Stored data entries:
--- START ---

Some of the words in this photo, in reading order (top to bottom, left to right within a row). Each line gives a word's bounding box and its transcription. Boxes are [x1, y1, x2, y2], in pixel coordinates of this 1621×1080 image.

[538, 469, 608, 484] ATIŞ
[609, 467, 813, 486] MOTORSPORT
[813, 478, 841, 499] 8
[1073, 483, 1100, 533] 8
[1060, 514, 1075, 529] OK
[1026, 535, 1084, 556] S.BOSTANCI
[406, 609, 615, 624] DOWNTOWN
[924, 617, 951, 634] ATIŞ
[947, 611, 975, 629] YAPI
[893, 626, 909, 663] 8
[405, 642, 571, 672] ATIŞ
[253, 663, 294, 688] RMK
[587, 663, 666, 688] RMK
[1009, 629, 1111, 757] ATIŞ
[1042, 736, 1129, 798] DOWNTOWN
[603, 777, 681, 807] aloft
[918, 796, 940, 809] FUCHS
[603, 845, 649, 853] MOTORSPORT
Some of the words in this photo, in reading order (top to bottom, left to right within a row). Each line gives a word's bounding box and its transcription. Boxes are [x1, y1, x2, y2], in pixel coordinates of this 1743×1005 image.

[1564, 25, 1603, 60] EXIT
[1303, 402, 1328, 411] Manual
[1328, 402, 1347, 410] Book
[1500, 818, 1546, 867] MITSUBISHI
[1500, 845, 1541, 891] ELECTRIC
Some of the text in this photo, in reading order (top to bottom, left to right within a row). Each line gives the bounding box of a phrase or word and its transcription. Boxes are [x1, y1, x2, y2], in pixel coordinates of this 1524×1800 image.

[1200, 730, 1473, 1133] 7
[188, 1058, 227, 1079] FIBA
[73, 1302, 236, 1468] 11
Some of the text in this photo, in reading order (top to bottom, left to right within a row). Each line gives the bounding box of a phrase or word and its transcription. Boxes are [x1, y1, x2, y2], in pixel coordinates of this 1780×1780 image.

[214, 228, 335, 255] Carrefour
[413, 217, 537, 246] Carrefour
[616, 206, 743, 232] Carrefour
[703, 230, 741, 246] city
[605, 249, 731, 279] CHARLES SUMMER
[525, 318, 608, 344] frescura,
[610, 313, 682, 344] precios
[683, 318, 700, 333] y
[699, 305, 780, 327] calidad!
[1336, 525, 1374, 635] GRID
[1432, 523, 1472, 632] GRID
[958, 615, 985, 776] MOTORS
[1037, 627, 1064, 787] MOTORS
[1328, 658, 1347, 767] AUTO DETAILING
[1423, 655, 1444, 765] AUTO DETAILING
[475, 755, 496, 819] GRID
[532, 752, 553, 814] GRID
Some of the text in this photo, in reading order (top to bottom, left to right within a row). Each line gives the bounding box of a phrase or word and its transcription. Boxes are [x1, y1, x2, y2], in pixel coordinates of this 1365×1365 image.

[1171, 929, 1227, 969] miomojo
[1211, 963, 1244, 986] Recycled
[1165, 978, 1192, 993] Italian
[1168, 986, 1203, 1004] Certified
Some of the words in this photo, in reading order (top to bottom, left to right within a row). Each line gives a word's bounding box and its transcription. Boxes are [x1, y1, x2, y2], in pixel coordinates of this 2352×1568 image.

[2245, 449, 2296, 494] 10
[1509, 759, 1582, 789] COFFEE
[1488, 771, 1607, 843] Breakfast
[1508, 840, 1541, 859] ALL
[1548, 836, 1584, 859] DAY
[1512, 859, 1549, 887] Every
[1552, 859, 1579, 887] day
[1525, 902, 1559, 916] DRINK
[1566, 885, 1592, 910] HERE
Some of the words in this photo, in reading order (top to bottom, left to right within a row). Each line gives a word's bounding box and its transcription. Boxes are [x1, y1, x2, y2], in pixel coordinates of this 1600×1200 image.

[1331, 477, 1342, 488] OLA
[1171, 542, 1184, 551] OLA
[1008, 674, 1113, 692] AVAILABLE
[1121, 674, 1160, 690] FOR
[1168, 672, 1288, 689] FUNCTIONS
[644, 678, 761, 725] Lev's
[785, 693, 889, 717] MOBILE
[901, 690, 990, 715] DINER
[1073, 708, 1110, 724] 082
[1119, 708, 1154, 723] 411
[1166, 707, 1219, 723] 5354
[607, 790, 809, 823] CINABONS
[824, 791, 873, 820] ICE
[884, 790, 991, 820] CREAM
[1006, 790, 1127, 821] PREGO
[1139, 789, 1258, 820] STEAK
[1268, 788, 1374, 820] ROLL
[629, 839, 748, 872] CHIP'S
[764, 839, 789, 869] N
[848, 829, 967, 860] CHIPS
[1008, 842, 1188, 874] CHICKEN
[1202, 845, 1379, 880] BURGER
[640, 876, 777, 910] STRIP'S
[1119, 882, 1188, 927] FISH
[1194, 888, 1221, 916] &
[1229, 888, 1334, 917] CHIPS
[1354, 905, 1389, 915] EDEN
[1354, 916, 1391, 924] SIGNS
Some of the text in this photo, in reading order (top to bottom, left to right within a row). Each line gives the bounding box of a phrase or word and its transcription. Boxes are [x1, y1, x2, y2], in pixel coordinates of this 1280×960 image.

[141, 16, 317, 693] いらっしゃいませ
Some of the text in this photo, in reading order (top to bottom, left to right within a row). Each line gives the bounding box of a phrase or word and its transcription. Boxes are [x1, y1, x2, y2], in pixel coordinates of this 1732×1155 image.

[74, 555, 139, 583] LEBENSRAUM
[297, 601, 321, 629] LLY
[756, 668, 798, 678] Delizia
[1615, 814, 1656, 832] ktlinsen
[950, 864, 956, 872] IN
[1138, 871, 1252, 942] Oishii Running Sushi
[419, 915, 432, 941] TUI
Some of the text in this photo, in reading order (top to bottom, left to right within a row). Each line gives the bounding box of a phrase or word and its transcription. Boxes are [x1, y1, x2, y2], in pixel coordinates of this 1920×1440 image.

--- END ---

*EXERCISE REQUIREMENTS:*
Set out the entries once more, word for word.

*RESPONSE TO THE EXERCISE:*
Some of the words in this photo, in reading order (top to bottom, left to right within a row). Each line gives a word's bounding box and its transcription. Boxes are [x1, y1, x2, y2], in pixel coordinates of this 1621×1080 image.

[538, 469, 608, 484] ATIŞ
[609, 467, 813, 486] MOTORSPORT
[813, 478, 841, 499] 8
[1073, 483, 1100, 533] 8
[1060, 514, 1075, 529] OK
[1026, 535, 1084, 556] S.BOSTANCI
[406, 609, 615, 624] DOWNTOWN
[924, 617, 951, 634] ATIŞ
[947, 611, 975, 629] YAPI
[893, 626, 909, 663] 8
[405, 642, 571, 672] ATIŞ
[253, 663, 294, 688] RMK
[587, 663, 666, 688] RMK
[1009, 629, 1111, 757] ATIŞ
[1042, 736, 1129, 798] DOWNTOWN
[603, 777, 681, 807] aloft
[918, 796, 940, 809] FUCHS
[603, 845, 649, 853] MOTORSPORT
Some of the words in this photo, in reading order (top to bottom, left to right within a row). Each line gives a word's bounding box and its transcription. Boxes are [x1, y1, x2, y2], in pixel coordinates of this 1743×1005 image.

[1564, 25, 1603, 60] EXIT
[1303, 402, 1328, 411] Manual
[1328, 402, 1347, 410] Book
[1500, 818, 1546, 867] MITSUBISHI
[1500, 845, 1541, 891] ELECTRIC
Some of the text in this photo, in reading order (top to bottom, left to right within a row). Each line gives the bounding box of a phrase or word and its transcription. Boxes are [x1, y1, x2, y2], in pixel coordinates of this 1524×1800 image.

[1200, 730, 1473, 1133] 7
[188, 1058, 227, 1079] FIBA
[73, 1302, 236, 1468] 11
Some of the text in this photo, in reading order (top to bottom, left to right within a row). Each line gives the bounding box of a phrase or word and its transcription. Boxes are [x1, y1, x2, y2], in pixel coordinates of this 1780×1780 image.

[214, 228, 335, 255] Carrefour
[413, 217, 537, 246] Carrefour
[616, 206, 743, 232] Carrefour
[703, 230, 741, 246] city
[605, 249, 731, 279] CHARLES SUMMER
[525, 318, 608, 344] frescura,
[610, 313, 682, 344] precios
[683, 318, 700, 333] y
[699, 305, 780, 327] calidad!
[1336, 525, 1374, 635] GRID
[1432, 523, 1472, 632] GRID
[958, 615, 985, 776] MOTORS
[1037, 627, 1064, 787] MOTORS
[1328, 658, 1347, 767] AUTO DETAILING
[1423, 655, 1444, 765] AUTO DETAILING
[475, 755, 496, 819] GRID
[532, 752, 553, 814] GRID
Some of the text in this photo, in reading order (top to bottom, left to right within a row). Each line gives the bounding box of a phrase or word and its transcription. Boxes are [x1, y1, x2, y2], in pixel coordinates of this 1365×1365 image.

[1171, 929, 1227, 969] miomojo
[1211, 963, 1244, 986] Recycled
[1165, 978, 1192, 993] Italian
[1168, 986, 1203, 1004] Certified
Some of the words in this photo, in reading order (top to bottom, left to right within a row). Each line gives a word's bounding box and its transcription. Boxes are [x1, y1, x2, y2], in pixel coordinates of this 2352×1568 image.

[2245, 449, 2296, 494] 10
[1509, 759, 1582, 789] COFFEE
[1488, 771, 1607, 843] Breakfast
[1508, 840, 1541, 859] ALL
[1548, 836, 1584, 859] DAY
[1512, 859, 1549, 887] Every
[1552, 859, 1579, 887] day
[1525, 902, 1559, 916] DRINK
[1566, 885, 1592, 910] HERE
Some of the words in this photo, in reading order (top to bottom, left to right within a row). Each line gives a word's bounding box and its transcription. Boxes are [x1, y1, x2, y2], in pixel coordinates of this 1600×1200 image.

[1331, 477, 1342, 488] OLA
[1171, 542, 1184, 551] OLA
[1008, 674, 1113, 692] AVAILABLE
[1121, 674, 1160, 690] FOR
[1168, 672, 1288, 689] FUNCTIONS
[644, 678, 761, 725] Lev's
[785, 693, 889, 717] MOBILE
[901, 690, 990, 715] DINER
[1073, 708, 1110, 724] 082
[1119, 708, 1154, 723] 411
[1166, 707, 1219, 723] 5354
[607, 790, 809, 823] CINABONS
[824, 791, 873, 820] ICE
[884, 790, 991, 820] CREAM
[1006, 790, 1127, 821] PREGO
[1139, 789, 1258, 820] STEAK
[1268, 788, 1374, 820] ROLL
[629, 839, 748, 872] CHIP'S
[764, 839, 789, 869] N
[848, 829, 967, 860] CHIPS
[1008, 842, 1188, 874] CHICKEN
[1202, 845, 1379, 880] BURGER
[640, 876, 777, 910] STRIP'S
[1119, 882, 1188, 927] FISH
[1194, 888, 1221, 916] &
[1229, 888, 1334, 917] CHIPS
[1354, 905, 1389, 915] EDEN
[1354, 916, 1391, 924] SIGNS
Some of the text in this photo, in reading order (top to bottom, left to right within a row). Each line gives the bounding box of a phrase or word and its transcription. Boxes are [x1, y1, x2, y2], in pixel coordinates of this 1280×960 image.

[141, 16, 317, 693] いらっしゃいませ
Some of the text in this photo, in reading order (top to bottom, left to right within a row). Each line gives the bounding box of a phrase or word and its transcription. Boxes are [x1, y1, x2, y2], in pixel coordinates of this 1732×1155 image.

[74, 555, 139, 583] LEBENSRAUM
[297, 601, 321, 629] LLY
[756, 668, 798, 678] Delizia
[1615, 814, 1656, 832] ktlinsen
[950, 864, 956, 872] IN
[1138, 871, 1252, 942] Oishii Running Sushi
[419, 915, 432, 941] TUI
Some of the text in this photo, in reading order (top to bottom, left to right within a row). Each line gives the bounding box of a phrase or word and its transcription. Boxes are [x1, y1, x2, y2], in pixel coordinates of this 1920×1440 image.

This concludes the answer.